Benchmarks ended a three day gaining streak on Friday as fears of the Federal Reserve scaling back the bond buying program reemerged. Discouraging Chicago PMI index and Mich-Sentiment numbers added to investors’ woes. Meanwhile, Standard & Poor (S&P) downgraded Cyprus to SD (Selective Default) status from CCC. Of the top ten S&P 500 industry groups, consumer discretionary stocks gained the most. Health care stocks suffered maximum losses.
For a look at the issues facing today's markets, read our Ahead of Wall Street for July 1 article.
The Dow Jones Industrial Average (:DJI) lost 0.8% to close the day at 14,909.60. The S&P 500 decreased 0.4% to finish yesterday’s trading session at 1,606.28. The tech-laden Nasdaq Composite Index gained 1.38 points to end at 3,403.25. The fear-gauge CBOE Volatility Index (:VIX) remained unchanged at 16.86. Consolidated volumes on the New York Stock Exchange, American Stock Exchange and Nasdaq were roughly 10 billion shares, well above 2013’s average of 6.36 billion shares. Advancing stocks outnumbered the decliners. For 50% that advanced, 47% declined.
For the first time in the last four years, the second quarter has ended with gains for the indices. The month of June was mostly dominated by volatility. In 15 of the 20 trading days during the period, the Dow oscillated in the range of 100 points. Volatility was kicked off following Ben Bernanke’s testimony on May 22 and gathered more vigor after the Fed meeting held between June 16-18. The central bank had decided to taper its bond purchase program by the end of this year and completely end it by mid-2014. These developments severely affected investor sentiment.

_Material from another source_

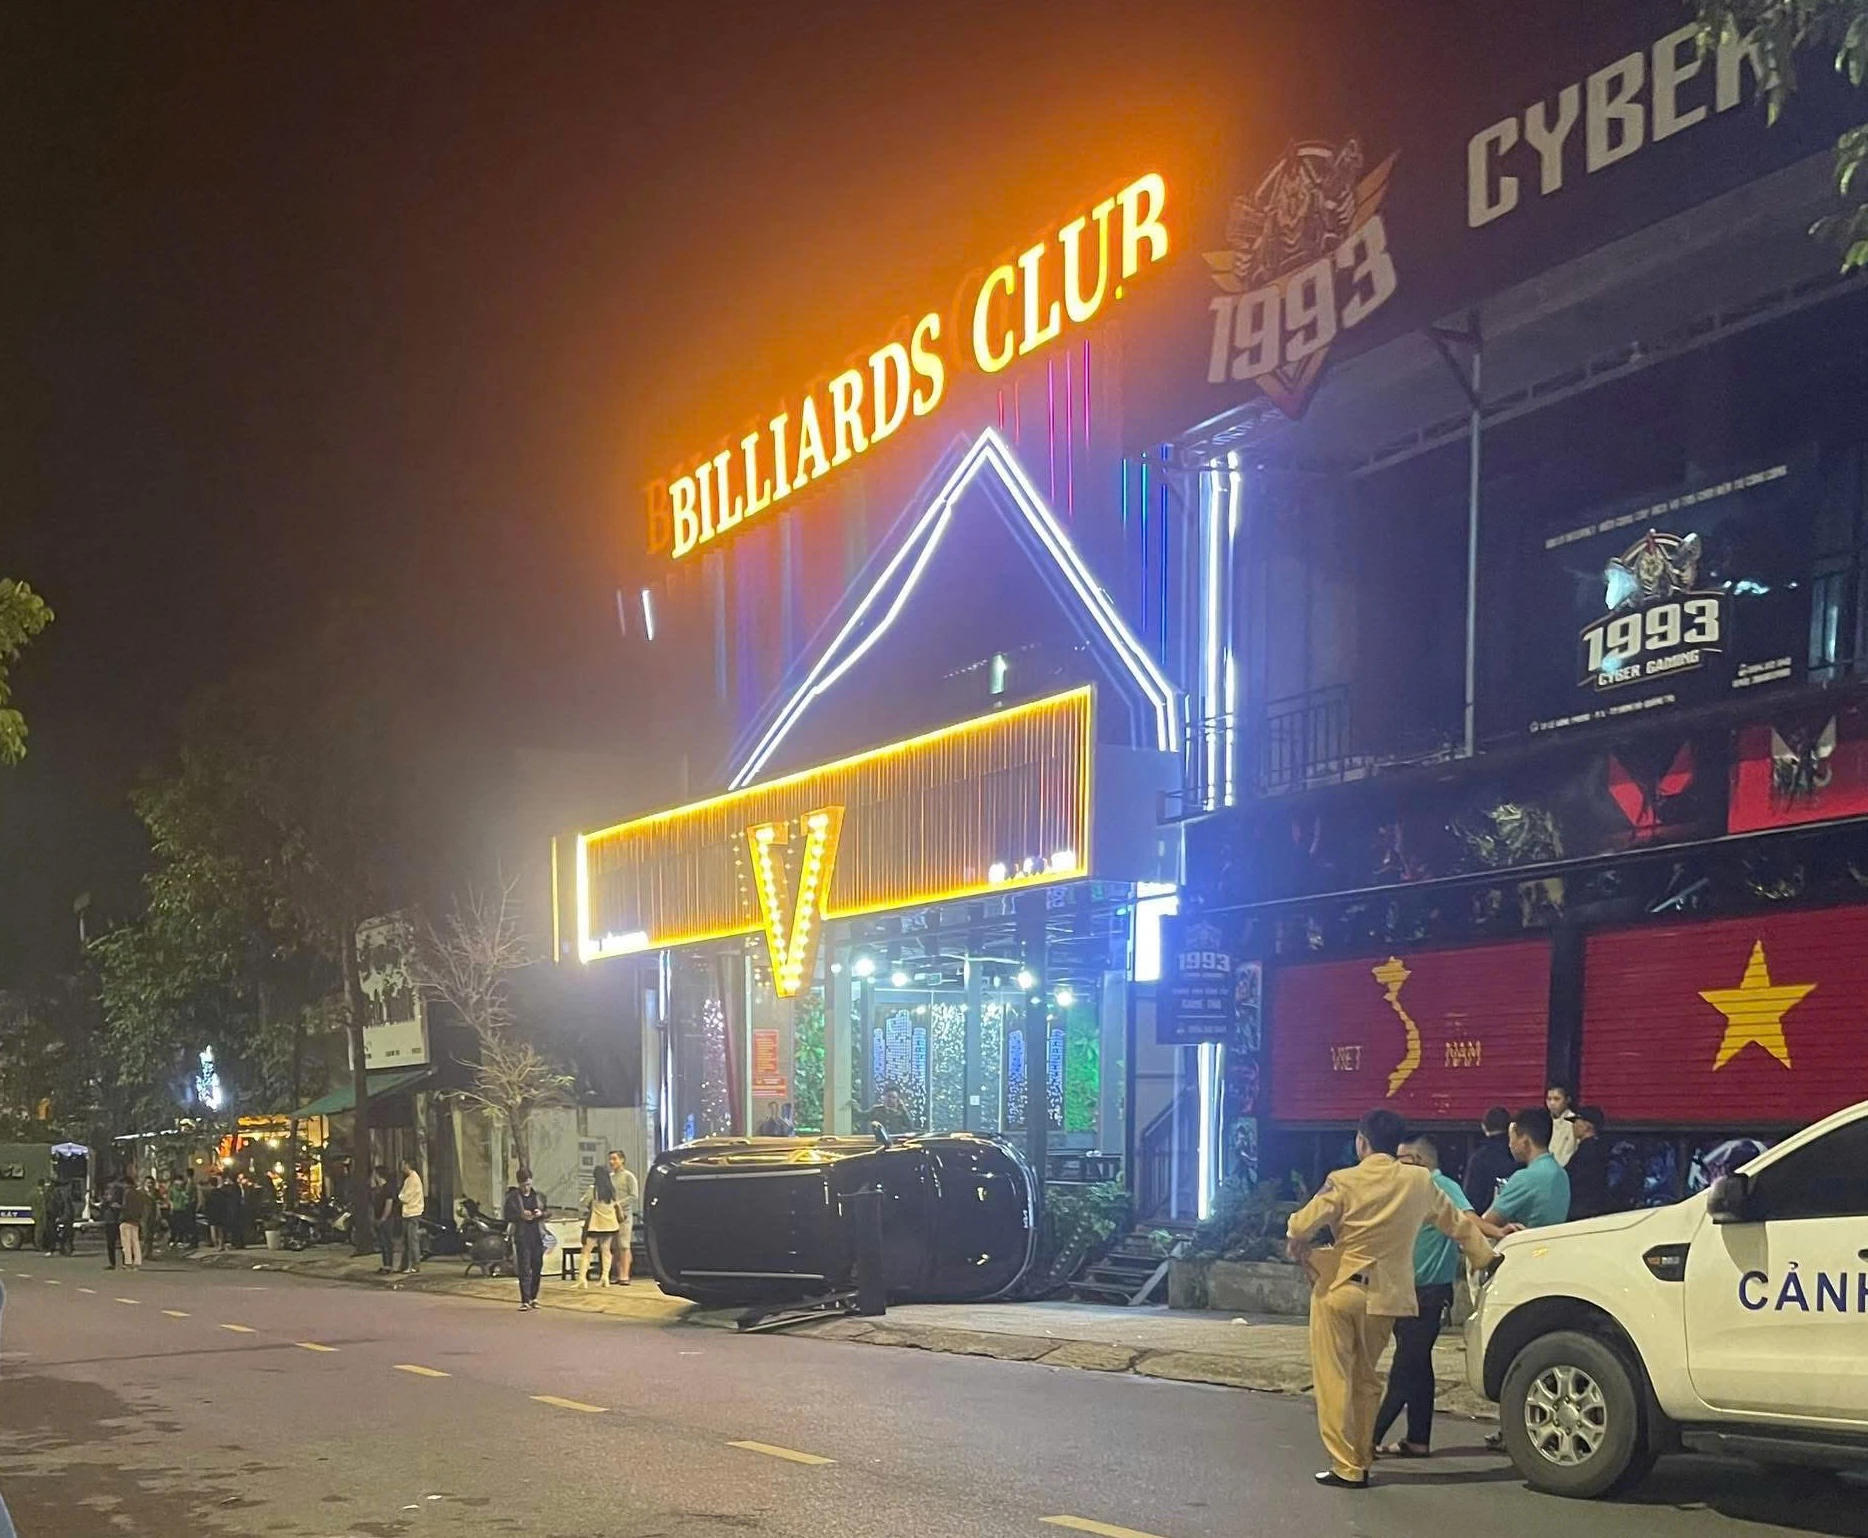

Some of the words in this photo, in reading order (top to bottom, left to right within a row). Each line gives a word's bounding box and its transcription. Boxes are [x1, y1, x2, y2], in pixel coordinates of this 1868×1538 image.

Last week, the benchmarks made up for some losses. Some Fed officials put the market at ease by saying that the scaling back bond purchases is possible only if the market continues to post positive economic numbers. Even after witnessing a volatile month, major indices are up in the range of 12% and 14% for 2013. However when considering the month of June, the Dow Jones declined 1.4% while the S&P 500 and the Nasdaq dropped 1.5% each.
On the domestic front, the University of Michigan and Thomson Reuters consumer-sentiment index came in at 84.1. The figure is higher than the consensus estimate of 82.9 but marginally lower than the 84.5 recorded in May. The Chicago PMI came in at 51.6, well below the consensus estimate of 55.4 and the 58.7 recorded in May. Five business activities make up the barometer. Out of the five, only one, the employment indicator index came in positive. The decrease in the barometer is attributable to a huge drop in order backlogs.
On the international front, Standard & Poor downgraded Cyprus to SD (selective default) status from CCC. The ratings agency defines CCC as currently vulnerable and dependent on favorable economic conditions to meet its commitments. This decision was taken after Nicosia, on Thursday, introduced a debt swap of 1 billion euros worth of government bonds in exchange for long-term debt. This step was necessary to meet the conditions of its 10 billion euro bailout program. Cyprus was on the verge of a financial meltdown but managed to avert the situation thanks to the International Monetary Fund and the European Union who provided it with aid worth 10 billion euros. Apart from S&P, Fitch also lowered its rating for the country to RD (Restricted Default) from CCC.
Among the top ten S&P 500 industry groups consumer discretionary stocks emerged as the biggest gainer. The Consumer Discretionary SPDR (XLY) gained 0.4%. Stock such as Comcast Corporation (NASDAQ:CMCSA), News Corp (NASDAQ:FOXAV), Priceline.com Inc (NASDAQ:PCLN), Coach, Inc. (NYSE:COH) and The Home Depot, Inc. (NYSE:HD) gained 0.5%, 0.4%, 0.5%, 1.3% and 1.6%, respectively.
The Health Care SPDR (XLV) lost 0.8%. Stocks such as Johnson & Johnson (NYSE:JNJ), Pfizer Inc. (NYSE:PFE), Merck & Co., Inc. (NYSE:MRK), Amgen, Inc. (NASDAQ:AMGN) and UnitedHealth Group Inc. (NYSE:UNH) lost 1.0%, 0.6%, 1.8%, 0.3% and 0.9%, respectively.